Advertisement

Michael Abramson dies at 62; photographed Chicago South Side’s nightlife

Share

Michael Abramson, a photographer who spent much of his career in exotic climes and photographing well-known people but who gained his greatest fame and personal satisfaction from photos he shot of nightlife on Chicago’s South Side during the 1970s, has died. He was 62.

Abramson died March 21 at his Chicago home of kidney cancer.

“Michael had an insatiable curiosity about people,” said his longtime companion, Midge Wilson, an associate dean at Chicago’s DePaul University. “He exhibited a sincere interest in individuals — their histories, their passions, what makes them tick. His insightful portraits, whether of celebrities or everyday people, bring them alive.”

A commercial portrait photographer and photojournalist, Abramson followed his work to Indonesia, France, Cuba, Argentina, Greece, the Netherlands and Puerto Rico. His subjects included Oprah Winfrey, Steven Spielberg, Ron Howard, Steve Jobs and Michael Jordan. His photographs were featured in a variety of publications.

Advertisement

Abramson was born Oct. 11, 1948, in Newark, N.J. He grew up in South Orange, N.J., and graduated from the Wharton School of Business at the University of Pennsylvania in 1970.

While working in the financial industry in Boston, Abramson took a photography class and decided, as he said, “to throw the dice.” He moved to Chicago in 1974 to study photography at the Illinois Institute of Technology, where he received a master’s in design in 1977.

During that time he began to wander the city’s South Side.

“The camera gave me a tool to justify my going anywhere,” he told a Chicago Tribune reporter in 2008. Abramson hit all the hot clubs such as Pepper’s Hide Out. He focused not on the performers but instead on the exuberance of the scene and the flashy attire of the crowds.
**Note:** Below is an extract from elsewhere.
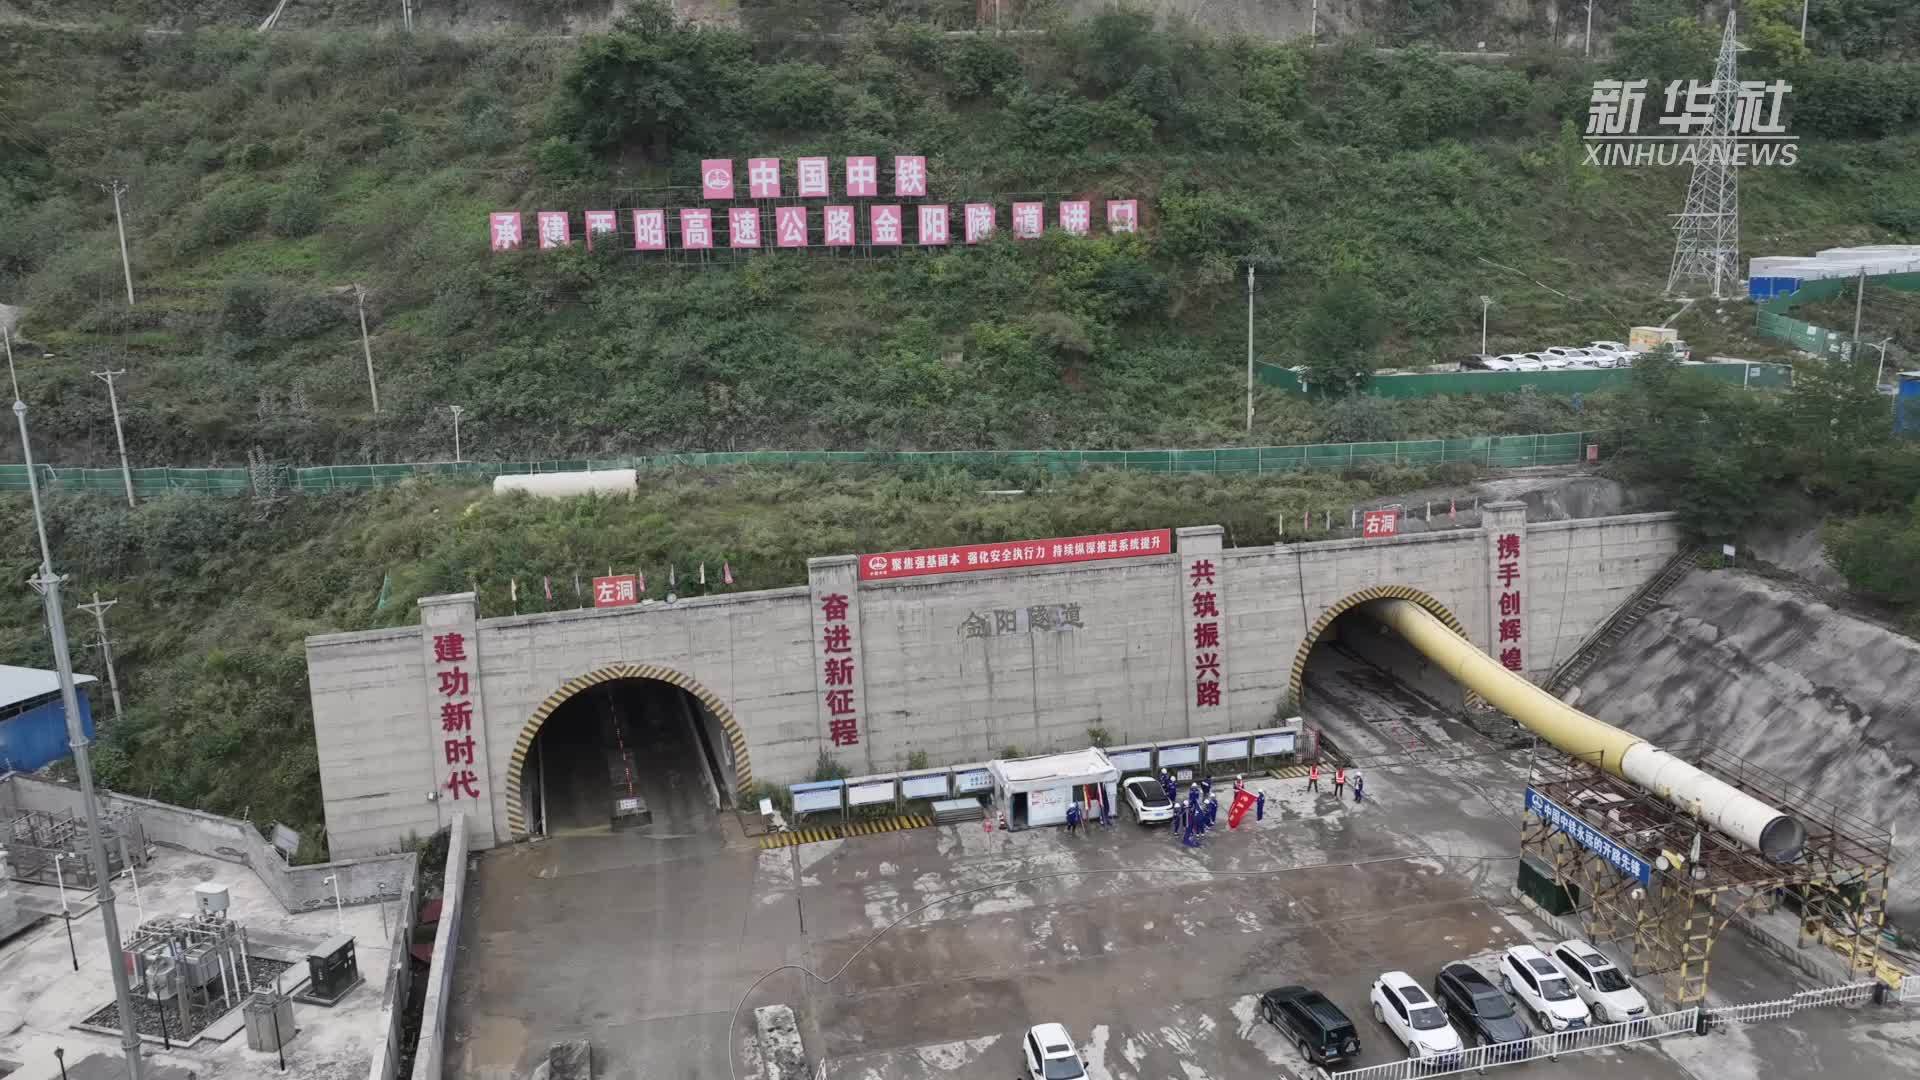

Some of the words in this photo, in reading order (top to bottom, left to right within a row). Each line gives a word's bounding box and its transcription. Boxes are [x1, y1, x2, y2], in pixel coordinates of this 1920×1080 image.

As a white man in a predominantly African American scene, he never felt apart.

“I was never fearful,” he said. “I did not give the race thing much thought. I didn’t have to.” He made what would prove to be lasting friendships. Blues great Lonnie Brooks dubbed him “The Picture Man.”

Photos from that time became the basis of a Chicago Tribune magazine cover story in 2008, which led to the 2009 book “Light: On the South Side.”

The book has nearly 100 of the thousands of photos Abramson shot, and it is accompanied by two albums of music of the era. “Like a good novelist, Abramson is particularly attuned to relationships and how to frame them,” British writer Nick Hornby wrote in an introductory essay.

Advertisement

“Getting the book out and having his photos of that time published meant more to him than words could ever express,” Wilson said. “He knew he had kidney cancer and that the clock was ticking on his time left here on Earth.”

Abramson said in 2008: “I realize I have been to every part of the planet.... But I have never been as far away as I was when I was on the South Side of Chicago. Not because it was exotic, in the misused sense of that word, but because it was so exhilarating.”

In addition to Wilson, Abramson is survived by his mother, Ethel; a sister, Leslie; and a brother, Richard.